Every piece of writing - from a brief email to a volume-long business report- can tell a story. Stories are easy to remember and easy to talk about. They are a natural way of combining diverse information into meaningful patterns, and they create both interest and understanding. Stories work - they work in creative writing and they work (possibly even harder) in other kinds of writing.

How can you turn an email or memo into a story? Think about it. If you were telling a story about your subject, whose story would it be? Would you be the main character or would the main character be a team, a product, or a place? How is the main character related to your reader?

Your job in the rest of the story is to lay out what is expected - the friends who will help, the obstacles that will be encountered, the conflicts that might engage. It's also to add something unexpected - the thing that happens that turns it into a story. Sometimes something disappears - like support. Sometimes something appears out of nowhere - like a quest or a challenge. Whatever it is, it begins the story and creates a reason for the reader to engage with it and to talk about it.

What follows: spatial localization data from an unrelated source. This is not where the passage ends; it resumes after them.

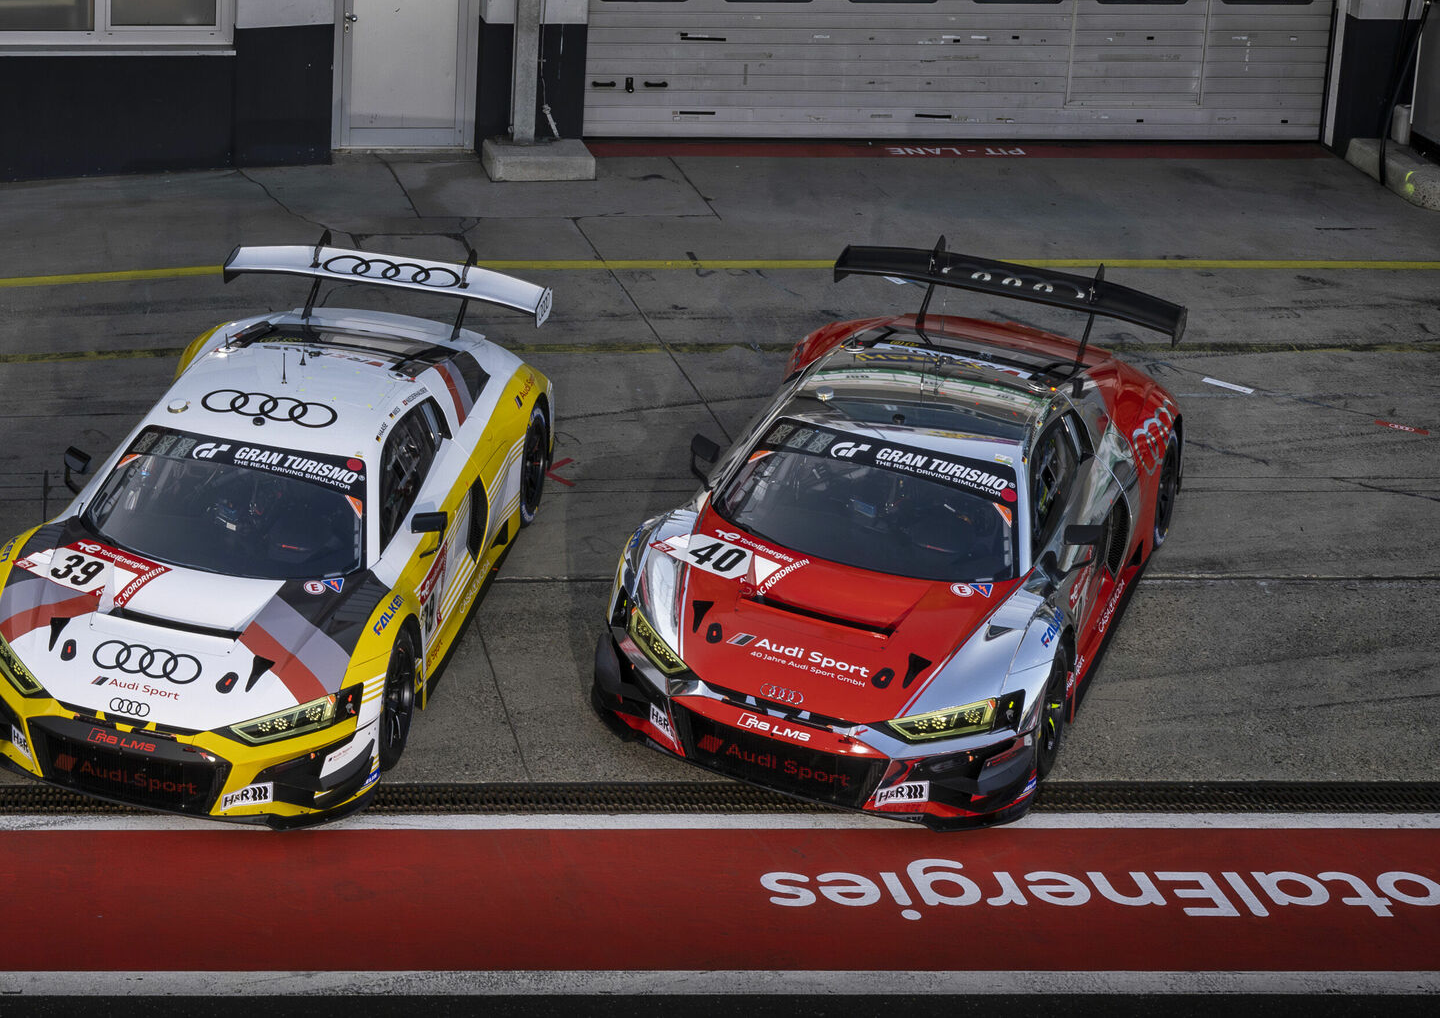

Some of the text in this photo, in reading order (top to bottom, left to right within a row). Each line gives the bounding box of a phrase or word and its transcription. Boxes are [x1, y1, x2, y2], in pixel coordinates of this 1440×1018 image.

[234, 447, 358, 484] GRAN TURISMO
[250, 462, 270, 470] REAL
[271, 466, 304, 477] DRIVING
[305, 473, 351, 490] SIMULATOR
[876, 447, 1009, 491] GRAN TURISMO
[892, 463, 915, 473] REAL
[916, 468, 951, 481] DRIVING
[952, 477, 1001, 497] SIMULATOR
[100, 549, 150, 571] TotalEnergies
[688, 542, 747, 573] 40
[740, 537, 794, 563] TotalEnergies
[50, 554, 104, 586] 39
[122, 566, 164, 601] NORDRHEIN
[764, 558, 810, 591] NORDRHEIN
[373, 594, 404, 636] FALKEN
[754, 638, 869, 677] Audi Sport
[763, 653, 786, 666] Jahre
[788, 660, 808, 671] Audi
[810, 665, 835, 678] Sport
[837, 674, 865, 688] GmbH
[108, 678, 180, 701] Audi Sport
[119, 737, 156, 752] LMS
[746, 718, 811, 742] R8 LMS
[726, 743, 850, 787] Audi Sport
[878, 786, 905, 802] H&R
[760, 859, 1440, 920] otalEnergies
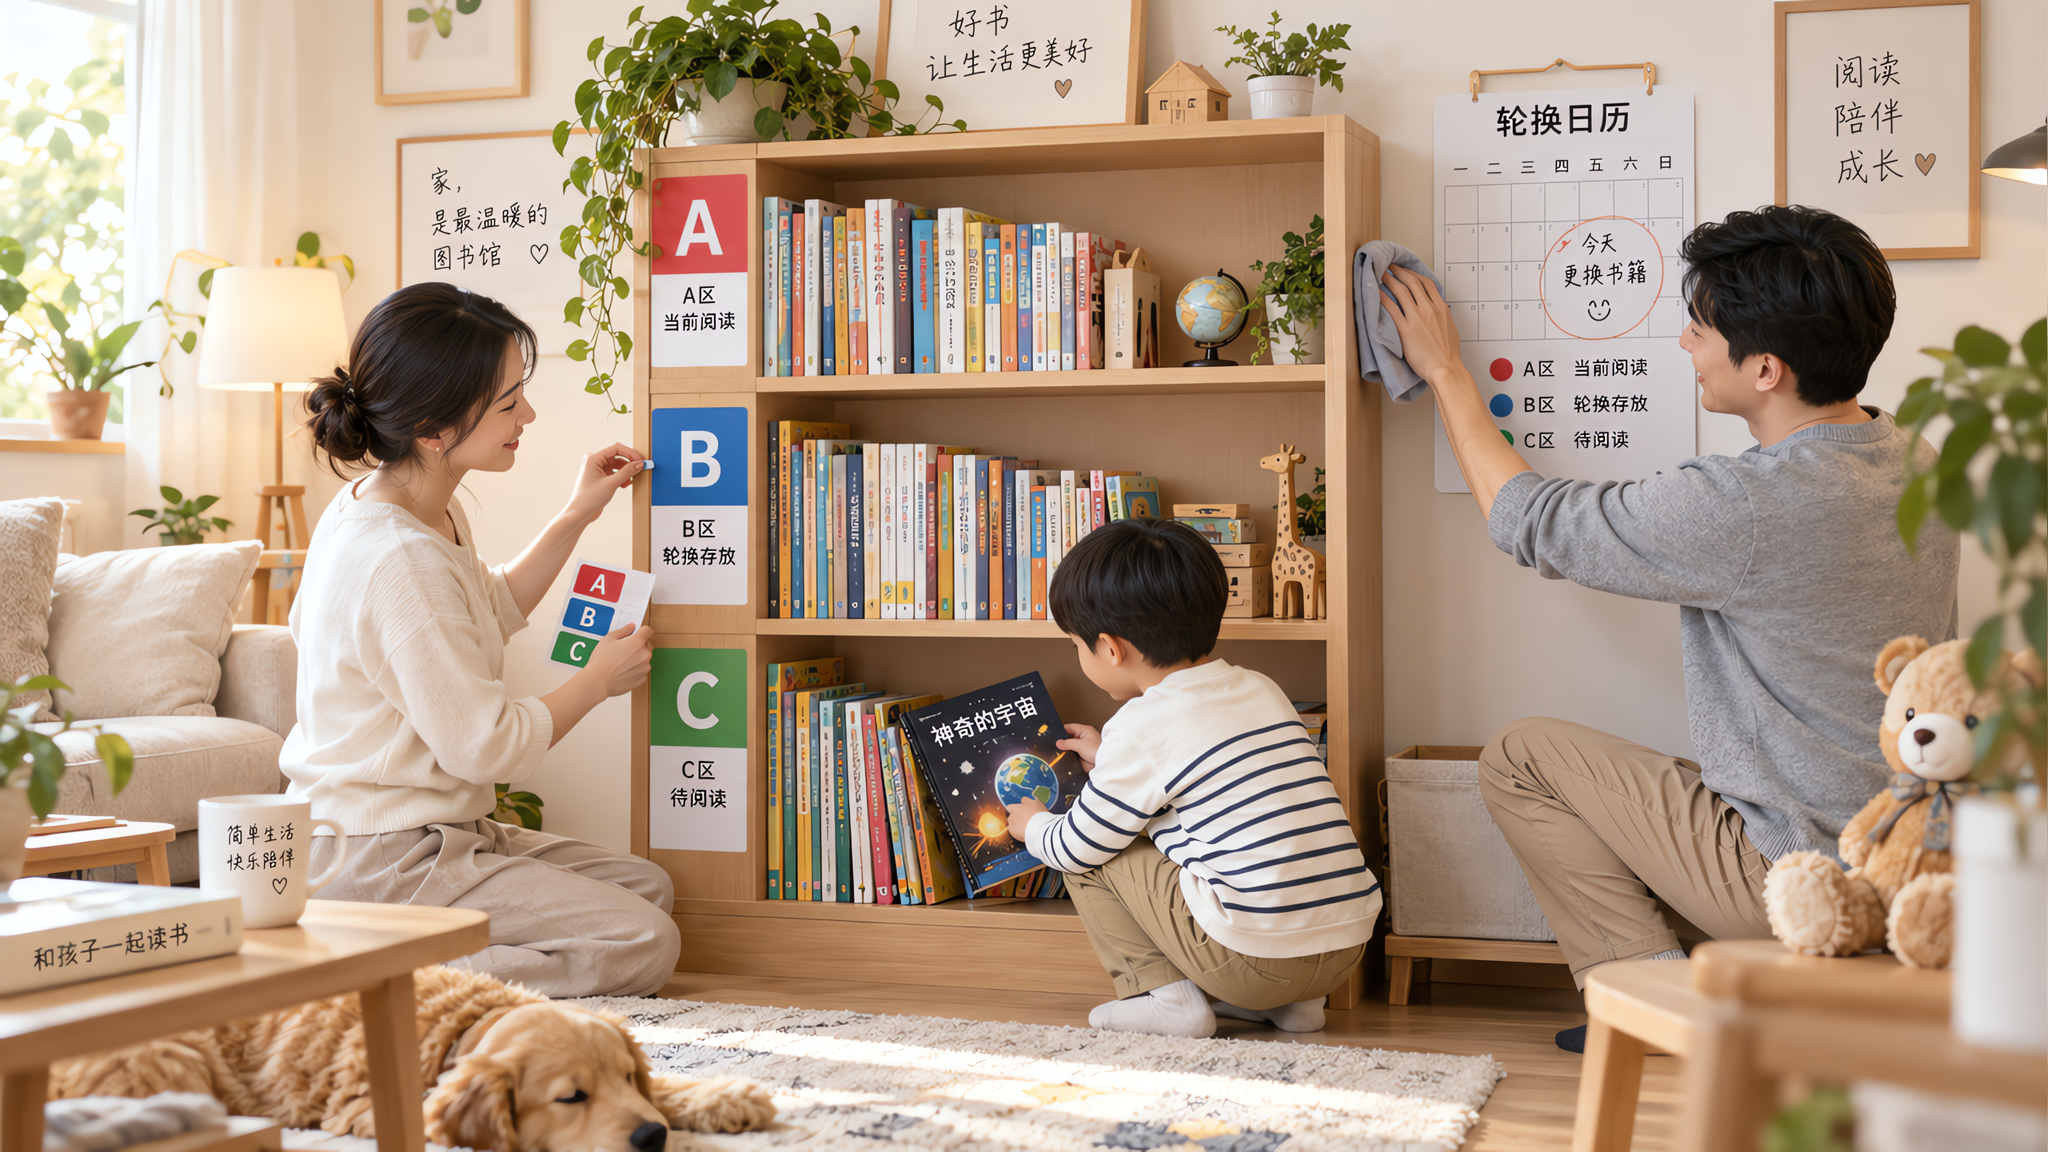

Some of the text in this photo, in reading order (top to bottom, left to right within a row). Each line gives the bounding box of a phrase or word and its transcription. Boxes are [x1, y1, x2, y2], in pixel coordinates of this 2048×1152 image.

[949, 4, 1009, 37] 好书
[926, 37, 1093, 81] 让生活更美好
[1835, 51, 1900, 88] 阅读
[1496, 102, 1630, 137] 轮换日历
[1835, 98, 1903, 137] 陪伴
[1486, 162, 1502, 174] 二
[1520, 160, 1536, 174] 三
[1554, 159, 1570, 173] 四
[1588, 157, 1604, 172] 五
[1623, 156, 1638, 171] 六
[1659, 155, 1672, 170] 日
[1838, 149, 1904, 184] 成长
[432, 202, 547, 236] 是最温暖的
[675, 199, 723, 257] A
[1581, 232, 1617, 255] 今天
[433, 242, 501, 270] 图书馆
[1564, 259, 1647, 288] 更换书籍
[683, 286, 716, 304] A区
[664, 312, 736, 331] 当前阅读
[1523, 358, 1648, 377] A区 当前阅读
[1524, 394, 1648, 413] B区 轮换存放
[1524, 430, 1629, 449] C区 待阅读
[680, 430, 722, 488] B
[683, 519, 716, 538] B区
[663, 546, 736, 565] 轮换存放
[589, 573, 606, 595] A
[579, 605, 597, 628] B
[569, 641, 587, 662] C
[676, 671, 720, 730] C
[930, 696, 1038, 748] 神奇的宇宙
[682, 760, 715, 780] C区
[670, 787, 727, 808] 待阅读
[227, 822, 294, 845] 简单生活
[227, 847, 295, 871] 快乐陪伴
[33, 922, 189, 971] 和孩子一起读书

Here are some things that stories are not: Stories are not usually ironic; irony plays well in some forms of creative writing and performance. It doesn't play well in business writing and it doesn't play wel in stories. Stories are not lessons - sometimes they contain lessons but that's not what makes them a story and if they don't have the good bits, the lessons are quickly recognized as manipulative. Stories are not static - things happen and keep happening. Otherwise the story stops.

If you conceive of everything you write as a story, you will begin to automatically include the structures that make writing easier to understand. You will know the difference between the beginning, the middle and the end, you will find criteria for knowing what to include and what to leave out, and you'll include the tangible details that "hook" a reader and allow them to see, hear or feel what you are describing or explaining.

Practice by being outrageous (don't send outrageous email unless you want outrageous responses). Pick the most routine piece of writing on your "to do" list and write it as if it were a really exciting story. Have fun with it. Play with it.

Then look at the story you have written and strip it down to its barebones. You'll find you have something that retains the quality of a story and yet still fits the conventions of whatever kind of writing you are doing. You'll have a piece of writing that works.